> _EXERCISE DETAILS_:
When you set down the entries, keep every word exactly as it is but drop the pictures.

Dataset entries
Start of Block

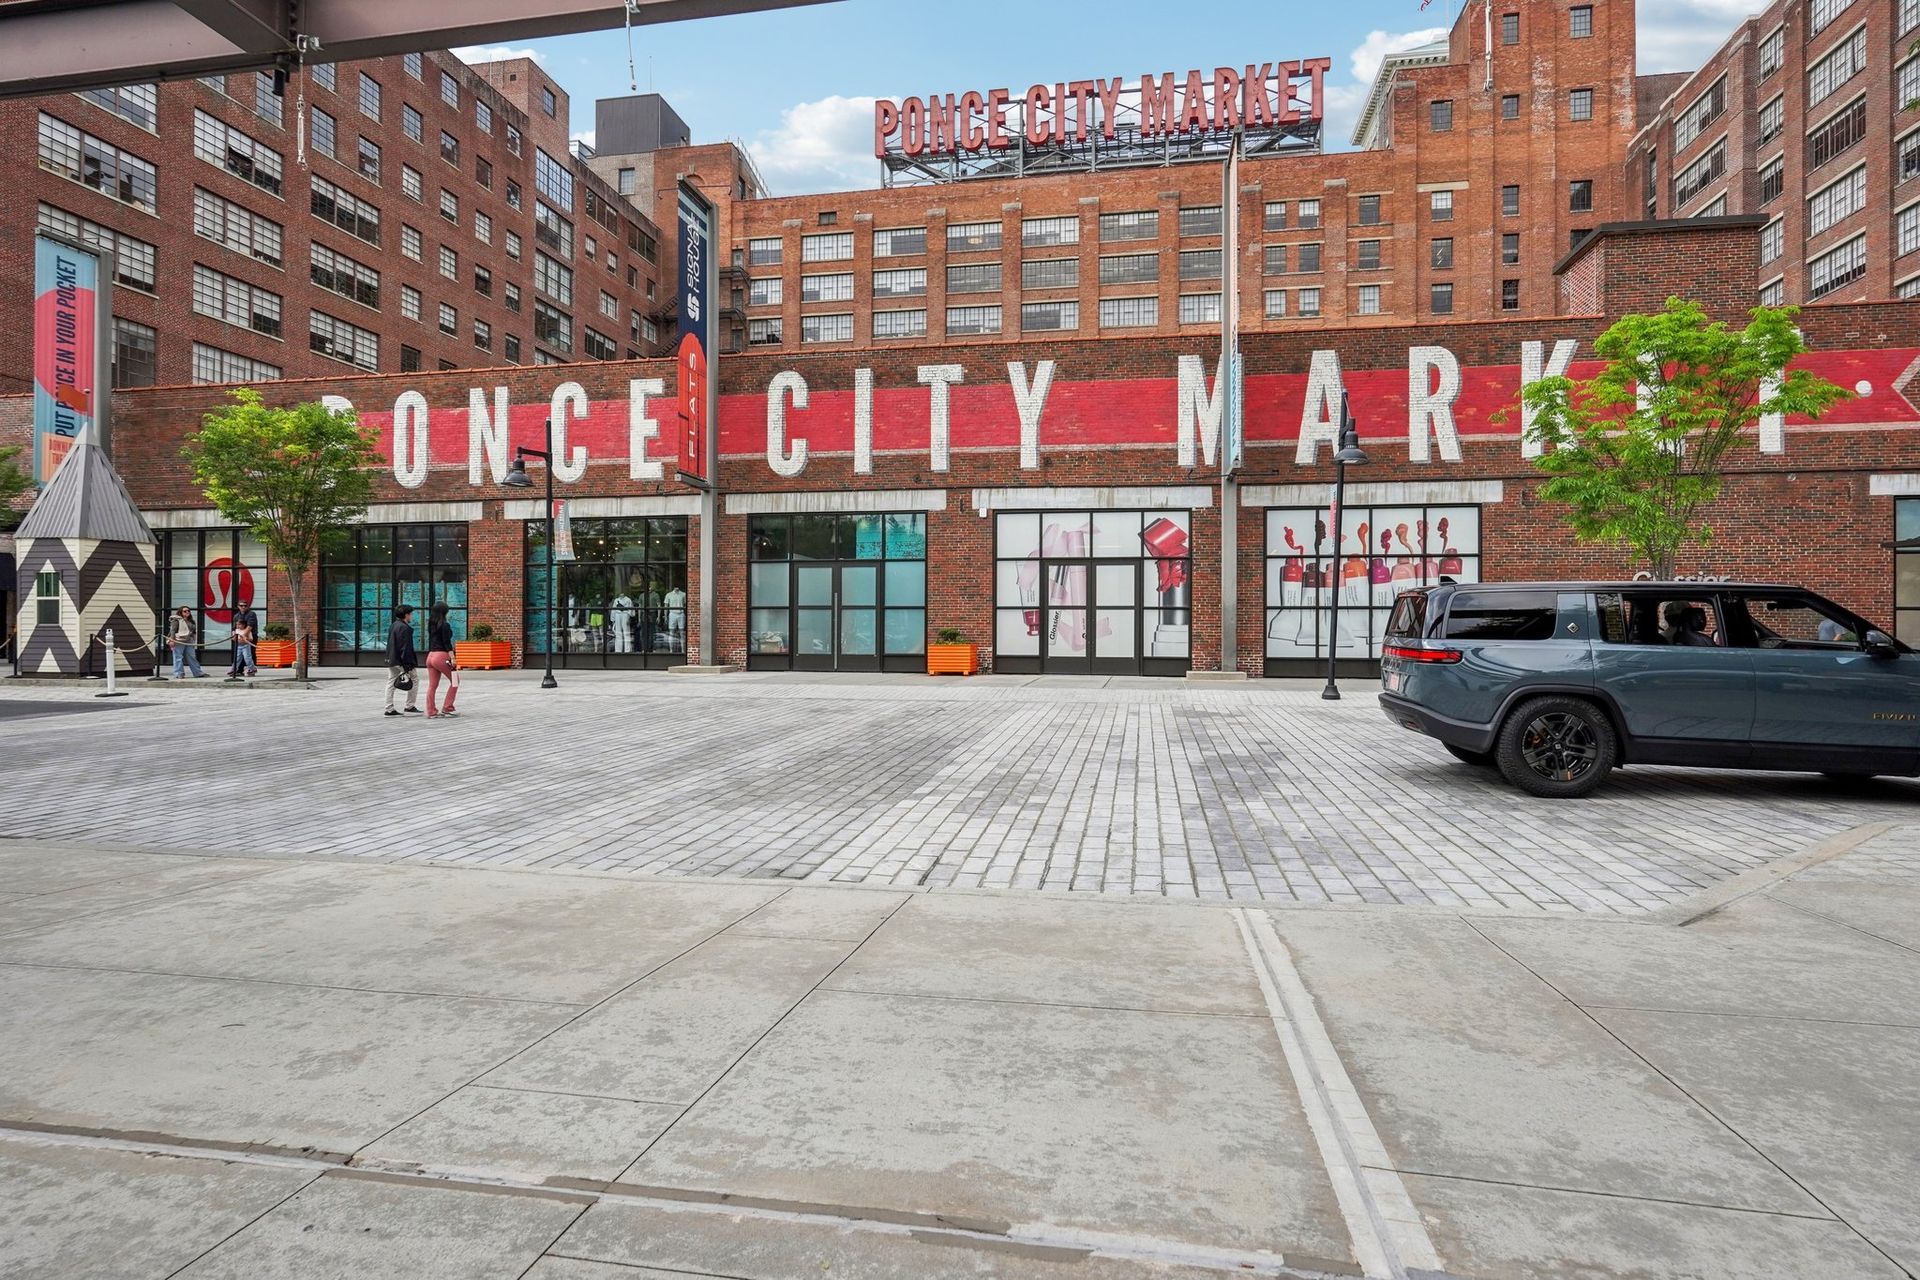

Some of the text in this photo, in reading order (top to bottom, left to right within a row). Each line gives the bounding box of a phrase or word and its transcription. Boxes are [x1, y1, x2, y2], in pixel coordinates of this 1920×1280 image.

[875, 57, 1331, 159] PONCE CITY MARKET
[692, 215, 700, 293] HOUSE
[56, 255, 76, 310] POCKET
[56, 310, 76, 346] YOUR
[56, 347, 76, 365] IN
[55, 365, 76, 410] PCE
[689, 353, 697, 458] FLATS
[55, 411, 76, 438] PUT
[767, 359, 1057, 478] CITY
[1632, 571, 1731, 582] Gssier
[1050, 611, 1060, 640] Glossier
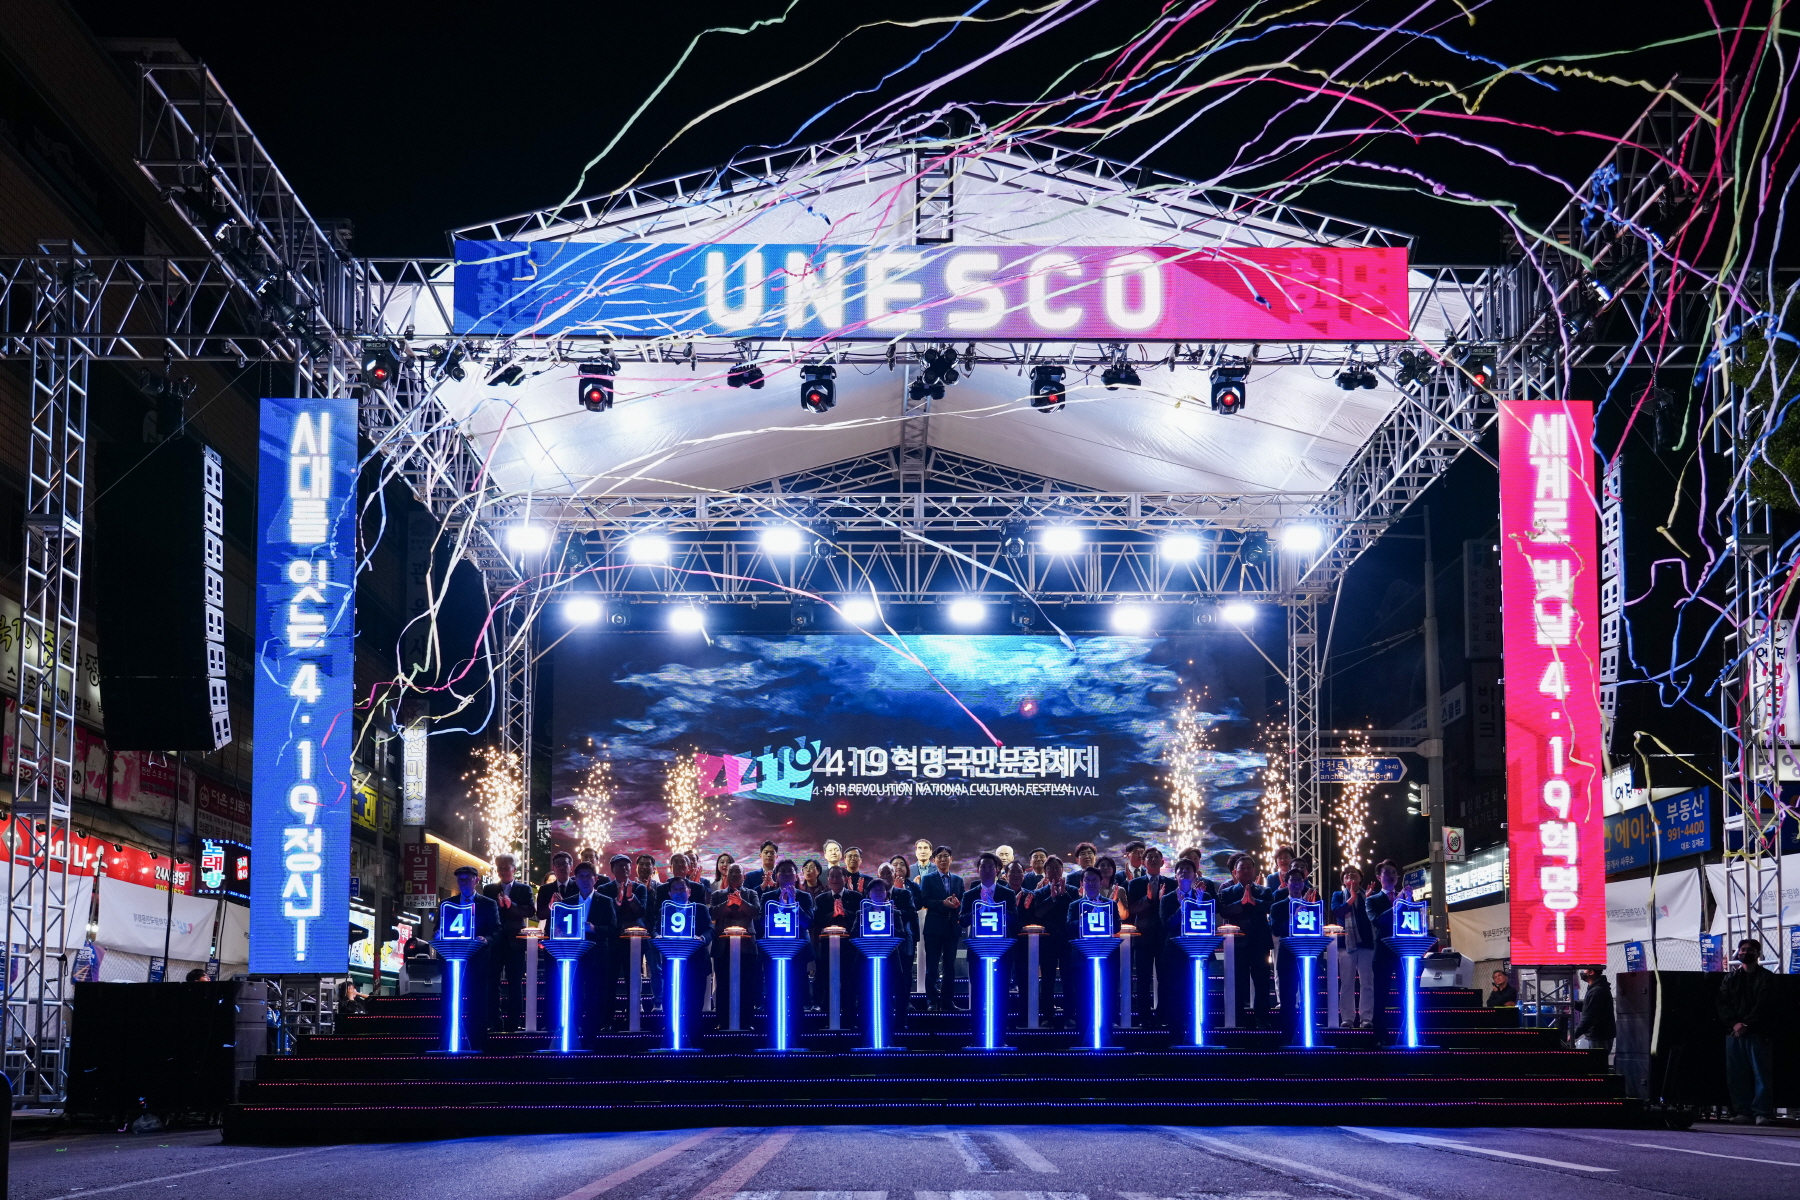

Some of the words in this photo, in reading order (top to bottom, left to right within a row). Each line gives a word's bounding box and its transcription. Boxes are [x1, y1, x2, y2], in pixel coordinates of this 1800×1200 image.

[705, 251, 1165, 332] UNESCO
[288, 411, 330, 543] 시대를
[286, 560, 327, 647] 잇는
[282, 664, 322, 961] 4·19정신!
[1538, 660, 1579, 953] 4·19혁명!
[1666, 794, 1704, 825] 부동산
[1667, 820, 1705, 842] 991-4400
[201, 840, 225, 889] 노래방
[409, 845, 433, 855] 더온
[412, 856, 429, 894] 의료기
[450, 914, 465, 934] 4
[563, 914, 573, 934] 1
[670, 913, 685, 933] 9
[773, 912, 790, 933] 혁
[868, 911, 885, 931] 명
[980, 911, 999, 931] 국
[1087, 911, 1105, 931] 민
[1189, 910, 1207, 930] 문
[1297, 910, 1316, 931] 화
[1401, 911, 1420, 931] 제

End of Block

> _FINAL ANSWER_:
Some of the text in this photo, in reading order (top to bottom, left to right within a row). Each line gives the bounding box of a phrase or word and its transcription. Boxes are [x1, y1, x2, y2], in pixel coordinates of this 1920×1280 image.

[875, 57, 1331, 159] PONCE CITY MARKET
[692, 215, 700, 293] HOUSE
[56, 255, 76, 310] POCKET
[56, 310, 76, 346] YOUR
[56, 347, 76, 365] IN
[55, 365, 76, 410] PCE
[689, 353, 697, 458] FLATS
[55, 411, 76, 438] PUT
[767, 359, 1057, 478] CITY
[1632, 571, 1731, 582] Gssier
[1050, 611, 1060, 640] Glossier

Some of the words in this photo, in reading order (top to bottom, left to right within a row). Each line gives a word's bounding box and its transcription. Boxes are [x1, y1, x2, y2], in pixel coordinates of this 1800×1200 image.

[705, 251, 1165, 332] UNESCO
[288, 411, 330, 543] 시대를
[286, 560, 327, 647] 잇는
[282, 664, 322, 961] 4·19정신!
[1538, 660, 1579, 953] 4·19혁명!
[1666, 794, 1704, 825] 부동산
[1667, 820, 1705, 842] 991-4400
[201, 840, 225, 889] 노래방
[409, 845, 433, 855] 더온
[412, 856, 429, 894] 의료기
[450, 914, 465, 934] 4
[563, 914, 573, 934] 1
[670, 913, 685, 933] 9
[773, 912, 790, 933] 혁
[868, 911, 885, 931] 명
[980, 911, 999, 931] 국
[1087, 911, 1105, 931] 민
[1189, 910, 1207, 930] 문
[1297, 910, 1316, 931] 화
[1401, 911, 1420, 931] 제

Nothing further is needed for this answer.